Stubbe's fidelity to his sovereign answered all tests. Persecution so brutal and undeserved failed to excite in him any lasting resentment. He could now write only with his left hand, and added the word ‘Scæva’ to his signature. But he readily accepted the invitation of his former persecutor Burghley to pen an answer to Cardinal Allen's ‘Defence of the English Catholics.’ He is also stated to have aided William Charke [q. v.] in his ‘Answere to a Seditious Pamphlet’ by Edmund Campion [q. v.] (1580), and John Nicholls [q. v.] in his ‘Recantation’ (1581). Less controversial, but equally indicative of his puritan piety, was his translation from the French of Theodore Beza's ‘Meditations on Eight of the Psalms,’ which he dedicated from his house at Thelveton, on 31 May 1582, to Anne, wife of Sir Nicholas Bacon, the lord keeper. It was not printed, and the manuscript is now at Arbury.

Meanwhile Stubbe played some part in municipal and political affairs in Norfolk. He was sub-steward of the borough of Great Yarmouth in 1588–9, and was elected member of parliament for the borough early in 1589. He paid occasional visits to France, and is said to have at length volunteered for military service there in behalf of Henry IV. He died in 1591 at Havre, soon after his arrival. He was buried with military honours on the seashore.

By his wife Anne he had two sons, Edmund and Francis. Two sons of the latter, Edmund (d. 1659) and Wolfram (d. 1719), were fellows of Trinity College, Cambridge. John's widow is said to have married one Anthony Stapley.

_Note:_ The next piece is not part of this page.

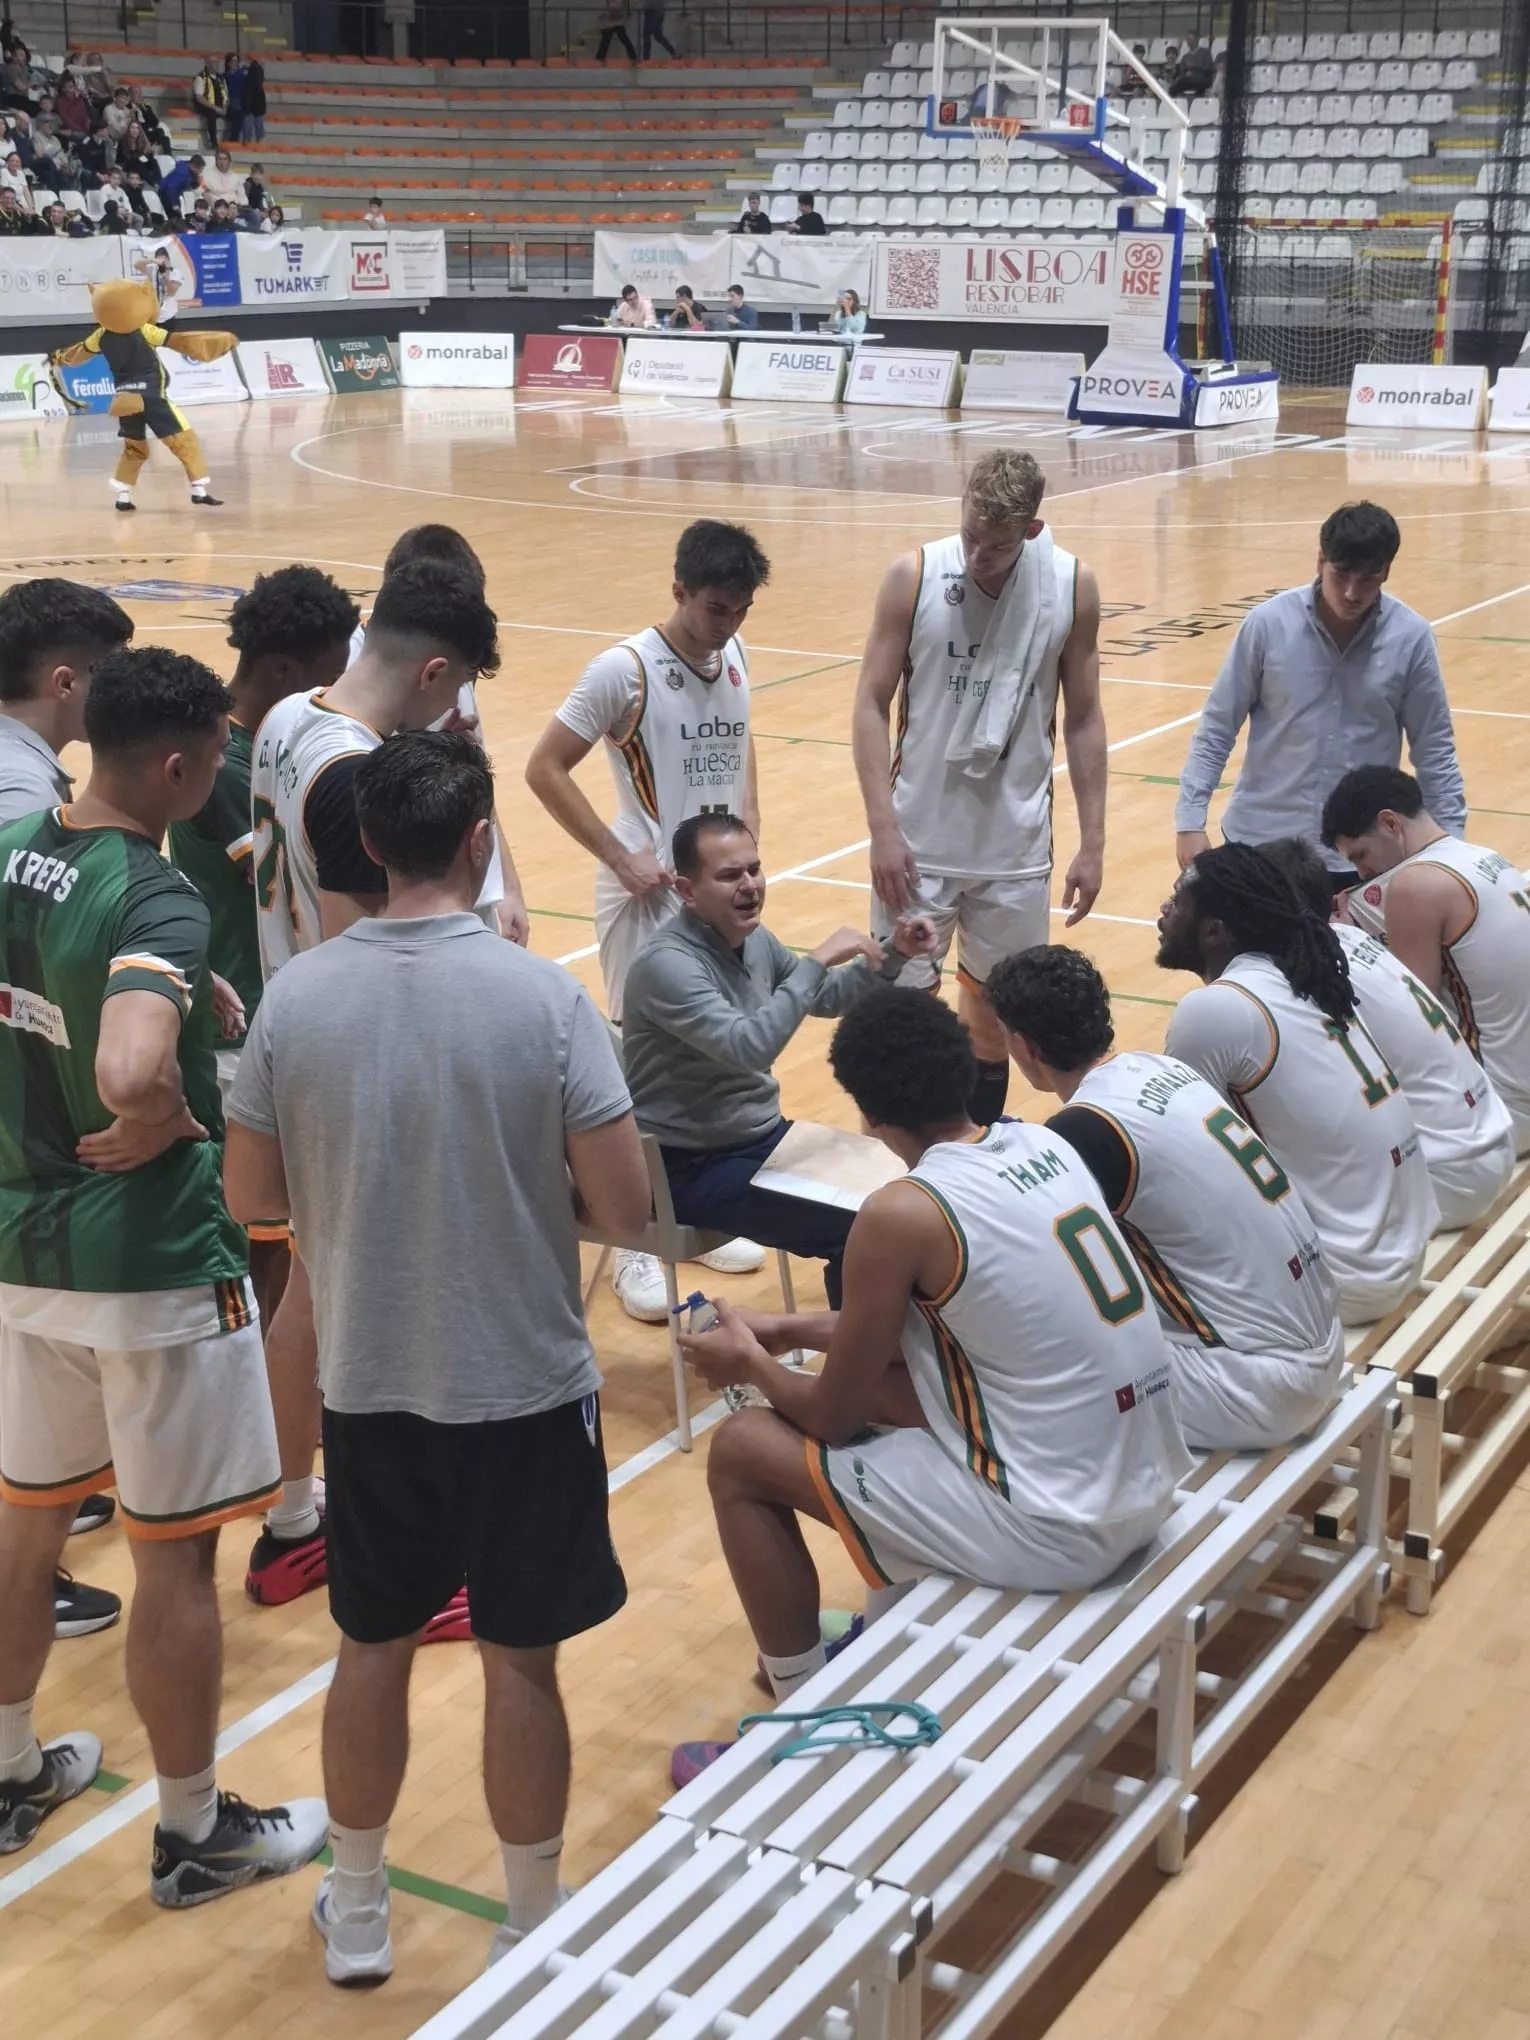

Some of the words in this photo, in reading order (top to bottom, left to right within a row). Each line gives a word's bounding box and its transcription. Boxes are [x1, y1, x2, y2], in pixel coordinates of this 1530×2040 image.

[Cooper's Athenæ Cantabr. ii. 111–12; Strype's Annals; Hallam's Constitutional Hist.; Retrospective Review, new ser. ii. 407.]

S. L.

STUBBS or STUBBES, PHILIP (fl. 1581–1593), puritan pamphleteer, born probably about 1555 ‘of genteel parents,’ is said by Wood to have been ‘a brother or near kinsman’ of John Stubbes [q. v.], but no mention of him occurs in John Stubbes's will or in that of his father. He ‘was mostly educated in Cambridge, but, having a restless and hot head, left that university, rambled thro' several parts of the nation, and settled for a time in Oxon, particularly, as I conceive, in Gloster Hall’ (Wood, Athenæ, ed. Bliss, i. 645). He did not graduate at either university, and soon resumed his roving habits, his object being, in his own words, ‘to see fashions, to acquainte myselfe with natures, qualities, properties, and conditions of all men, to breake myselfe to the worlde, to learne nurture, good demeanour, and cyuill behaviour; to see the goodly situation of citties, townes, and countryes, with their prospects and commodities; and finally to learne the state of all thinges in general, all which I could neuer haue learned in one place’ (Anatomie of Abuses, ed. Furnivall, p. 22). In 1583 he declared that he had spent ‘seven winters and more trauailing from place to place euen all the land ouer.’ Stubbes's career as an author began before or in 1581, about which year he published in the form of a broadside a ballad entitled ‘A fearefull and terrible example of Gods iuste iudgement executed vpon a lewde Fellow, who vsually accustomed to sweare by Gods Blood. …’ A copy belonged to Payne Collier, who reprinted it in his ‘Broadside Black-letter Ballads,’ 1868. A copy of a second edition, dated 1581, is in Lambeth Library; it is bound up with Stubbes's second work, also a ballad, the two being entitled ‘Two wunderfull and rare examples of the undeferred and present approaching iudgement of the Lord our God …’ London, 1581, 4to. The titles sufficiently indicate the character of the ballads. The second ballad treated of one Joan Bowser of Donington, Leicestershire, who instituted legal proceedings against Stubbes for his reflections on her (Lansdowne MS. 819, ff. 85–95). Of a third work, ‘A View of Vanitie, and Allarum to England or Retrait from Sinne, in English verse by Phil. Stubs, London, by T. Purfoot,’ 1582, 8vo; no copy is known to be extant.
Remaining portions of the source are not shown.